Black Christian athletes, seeing their careers as a platform for the gospel, are speaking out for racial justice following the death of George Floyd and the shooting of Jacob Blake.

It’s a pattern that has been building since 2016. Months before Colin Kaepernick’s peaceful protests against police brutality and systematic racism swept through the NFL (and swept Kaepernick out of the league), Christian WNBA star Maya Moore and her Minnesota Lynx teammates wore “Black Lives Matter” shirts during warm-ups. Moore would later step away from professional basketball to focus on racial justice work, announcing her decision with an essay that proclaimed her life’s purpose “is to know Jesus and make Him known.”

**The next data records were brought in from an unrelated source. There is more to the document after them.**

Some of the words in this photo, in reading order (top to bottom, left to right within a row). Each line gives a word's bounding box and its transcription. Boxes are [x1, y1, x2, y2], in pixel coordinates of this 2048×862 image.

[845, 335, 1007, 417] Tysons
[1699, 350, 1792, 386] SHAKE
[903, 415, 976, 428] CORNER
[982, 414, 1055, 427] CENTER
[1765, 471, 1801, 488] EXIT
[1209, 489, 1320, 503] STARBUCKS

By 2017 numerous NFL players, including Anquan Boldin, Eric Reid, and Malcolm Jenkins, were also invoking their Christian faith as a motivating factor for their involvement in protests and reform initiatives. Those numbers have only grown.

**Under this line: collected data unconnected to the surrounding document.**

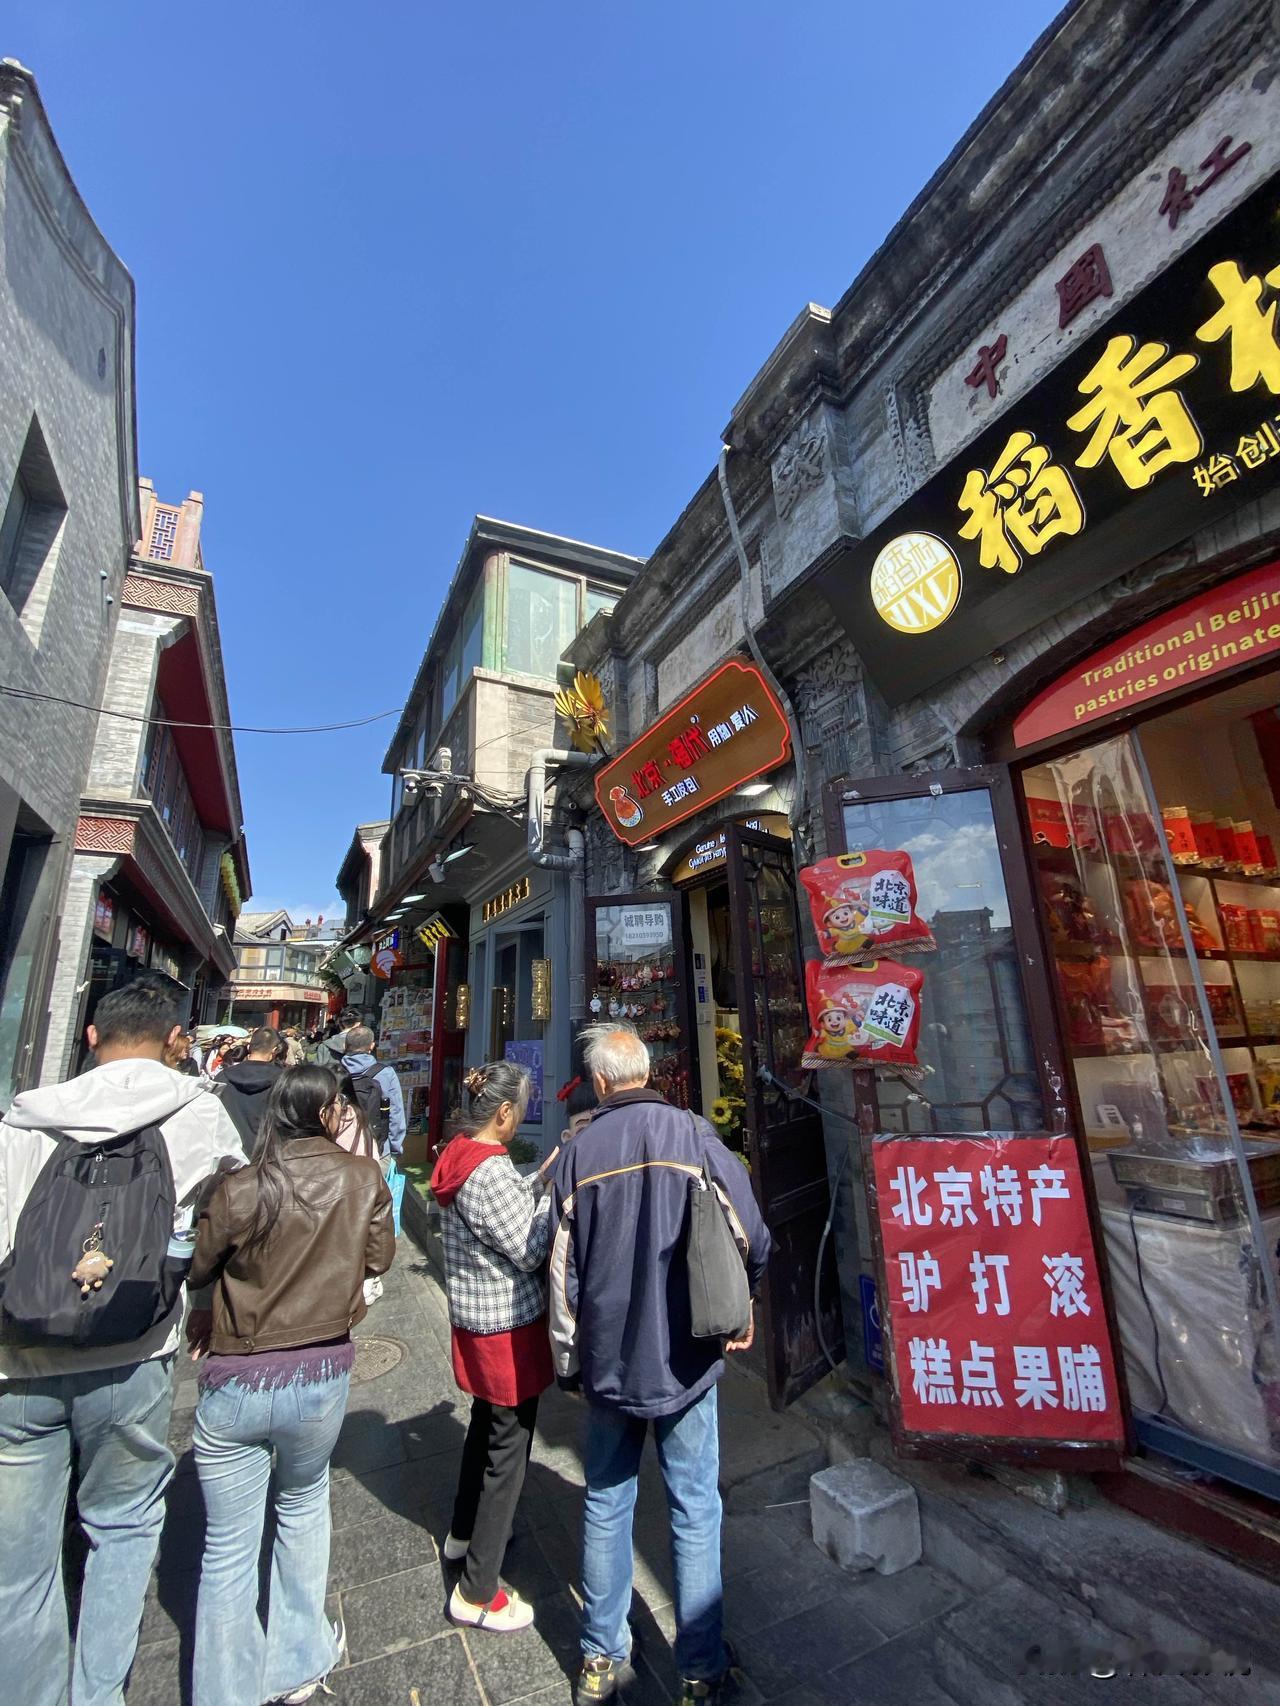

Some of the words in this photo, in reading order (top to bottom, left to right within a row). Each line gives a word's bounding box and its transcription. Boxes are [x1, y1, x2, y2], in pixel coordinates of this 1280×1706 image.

[1192, 415, 1280, 497] 始创
[1081, 621, 1206, 687] Traditional
[1073, 673, 1158, 720] pastries
[872, 892, 908, 914] 味道
[874, 878, 908, 896] 北京
[869, 1008, 905, 1036] 味道
[875, 992, 911, 1017] 北京
[889, 1164, 1071, 1228] 北京特产

While some black Christian athletes have abstained from the recent wave of activism in stadiums and arenas—Orlando Magic forward Jonathan Isaac, for example, cited his understanding of the gospel when declining to fully participate in a pre-game racial justice ceremony—far more have played a leading role.

To name just a few: In the NFL, New Orleans Saint Demario Davis—known for his “Man of God” headband—has championed Black Lives Matter and encouraged athletes to hold the league accountable as it works to address systemic racism. Former player and football analyst Emmanuel Acho launched the viral video series “Uncomfortable Conversations with a Black Man,” informing Sports Spectrum that he recites Matthew 10:20 before recording each episode. And his brother and fellow linebacker, Sam Acho, founded Athletes for Justice.

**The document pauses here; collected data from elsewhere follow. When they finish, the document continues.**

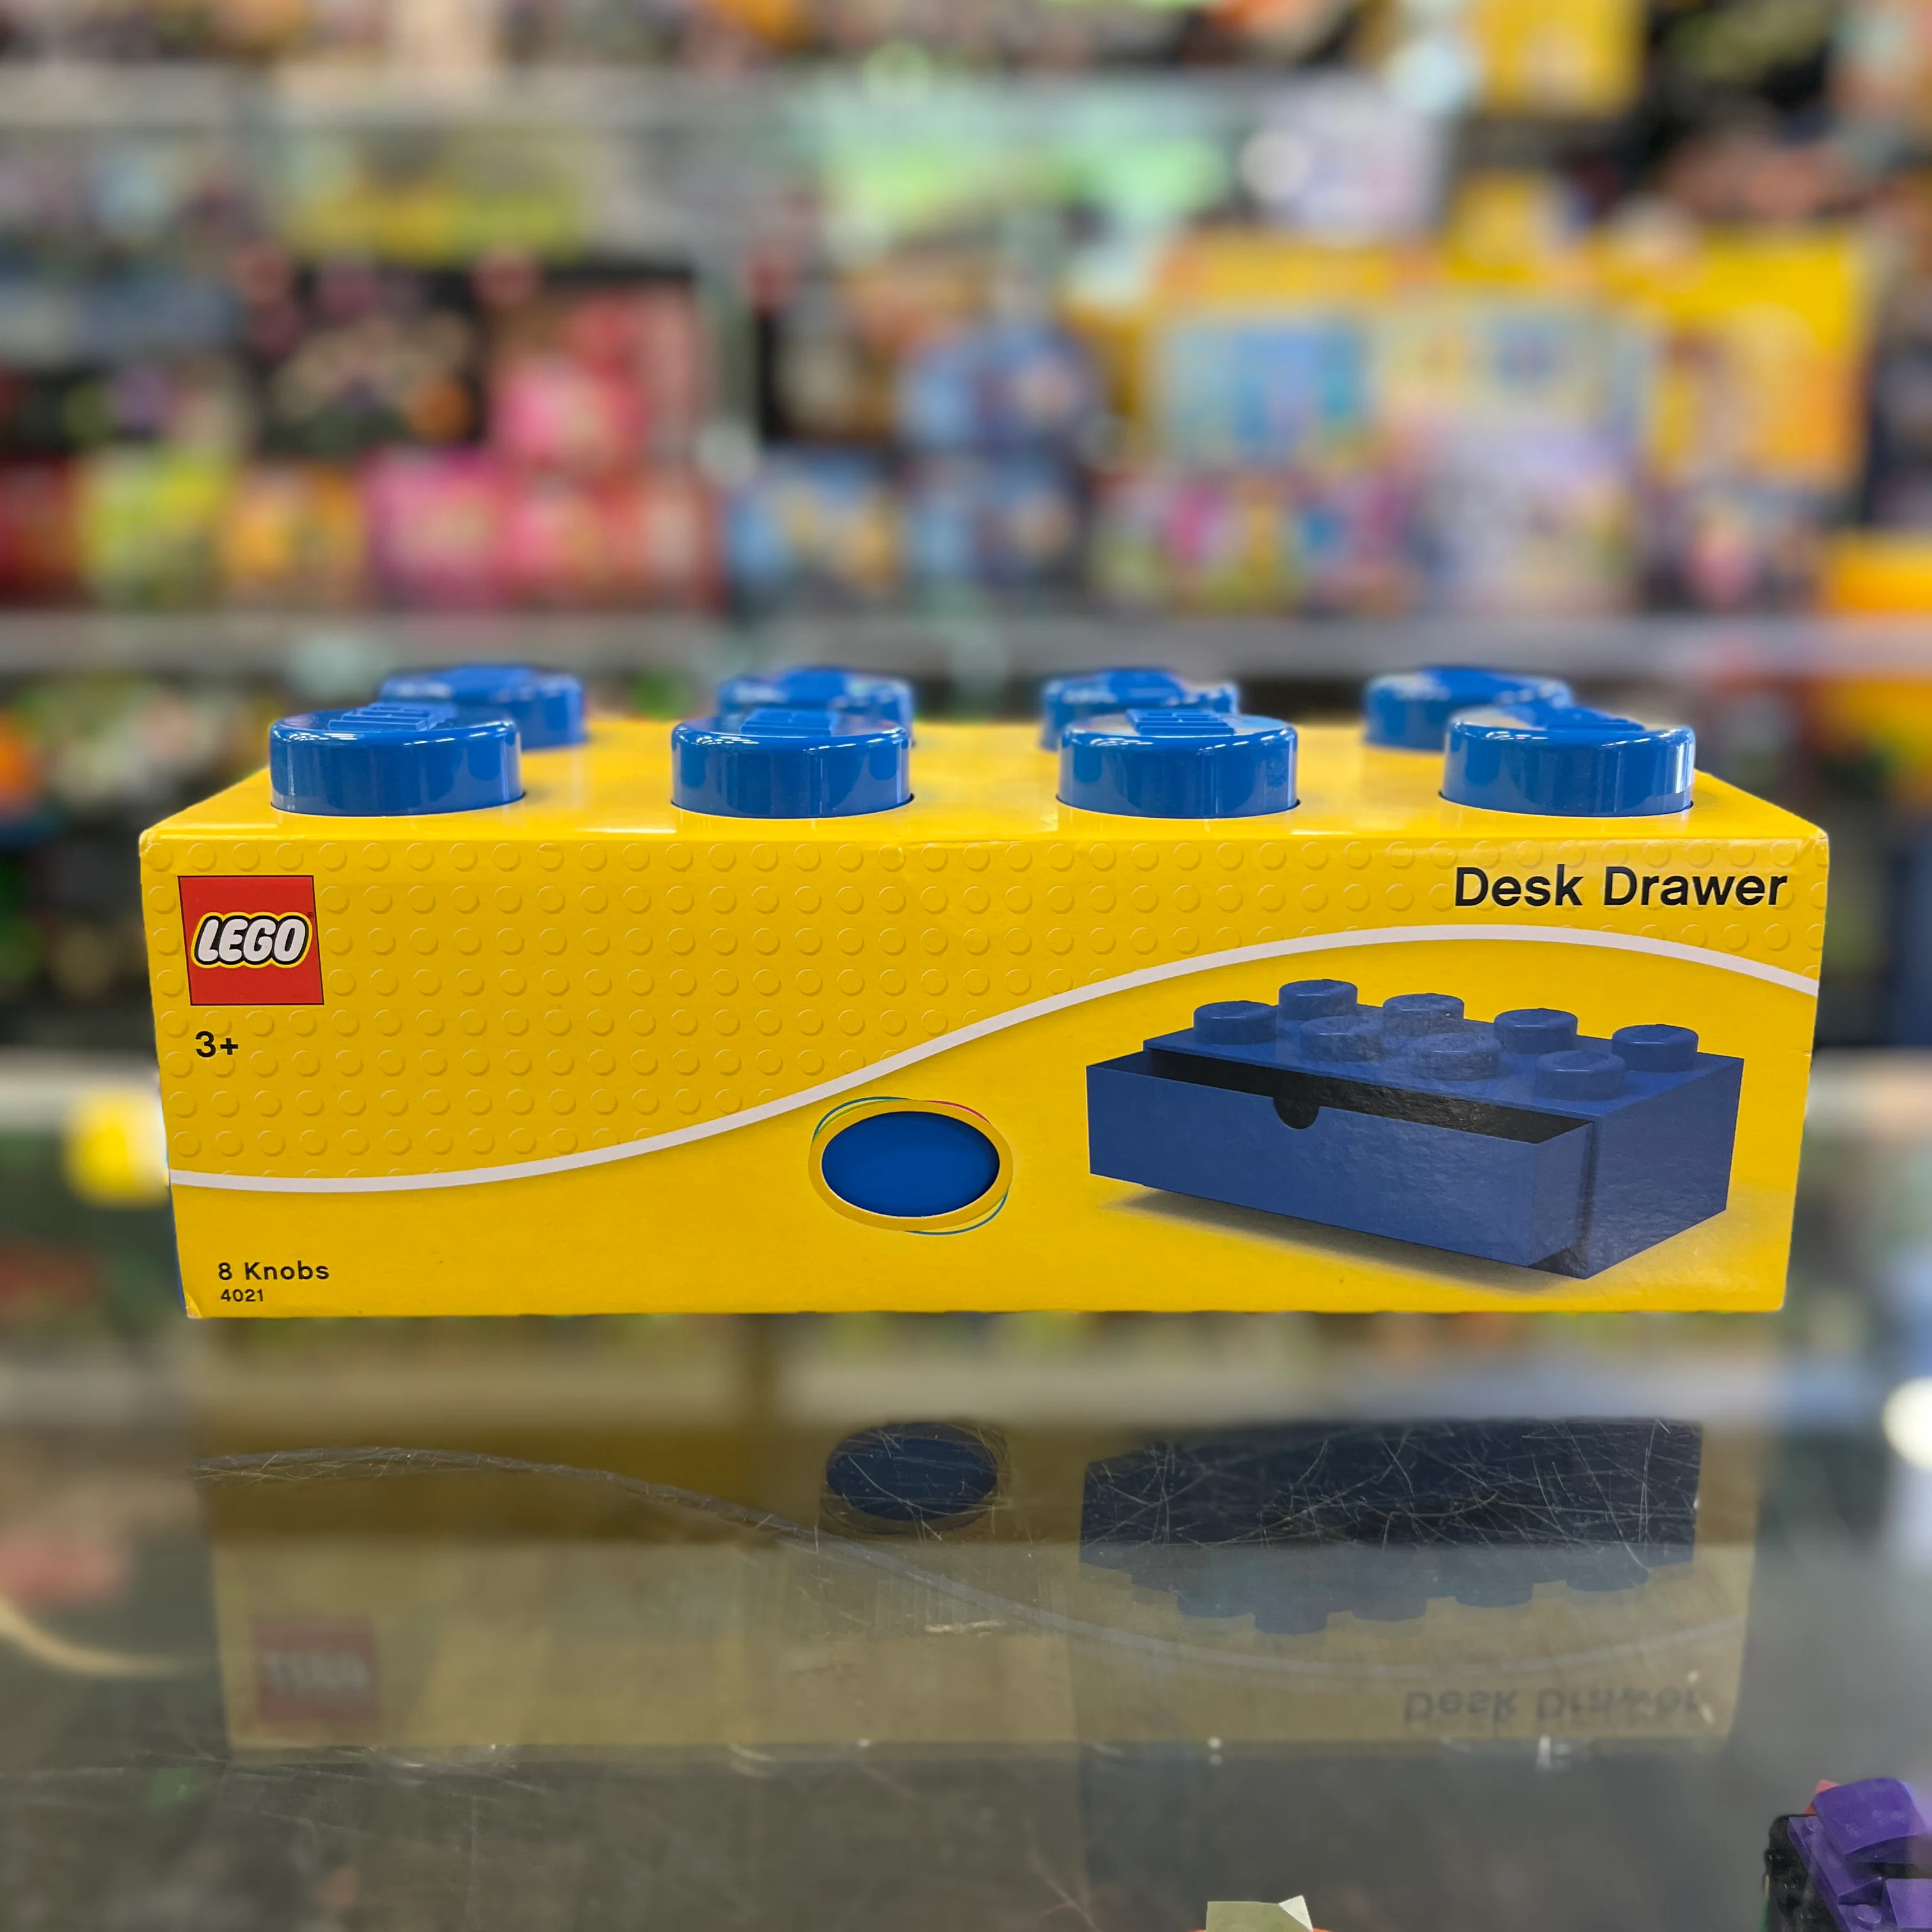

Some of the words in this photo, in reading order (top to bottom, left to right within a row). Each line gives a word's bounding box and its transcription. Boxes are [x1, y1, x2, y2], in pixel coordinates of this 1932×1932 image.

[1454, 863, 1584, 907] Desk
[1604, 866, 1788, 907] Drawer
[194, 915, 310, 965] LEGO
[195, 1030, 240, 1059] 3+
[218, 1261, 233, 1281] 8
[244, 1260, 330, 1281] Knobs
[220, 1288, 264, 1303] 4021

In the NBA, Harrison Barnes, a lifelong Christian who earned the nickname “The Senator” for his demeanor and activism, has donated $25,000 toward victims of police brutality and gun violence for each of the Sacramento Kings games played during the NBA bubble. Meanwhile the WNBA’s A’ja Wilson of the Las Vegas Aces has discussed double standards black women face.

Even in Major League Baseball, known for being more conservative and mostly white, the Philadelphia Phillies’ Andrew McCutchen—who has repeatedly shared his testimony of putting God first in his career—initiated and wrote the script for the league’s opening day pre-game ceremony meant to acknowledge racial injustice. And Colorado Rockies outfielder Matt Kemp has been kneeling during the national anthem and chose to sit out a game last week to protest police brutality and racial injustice.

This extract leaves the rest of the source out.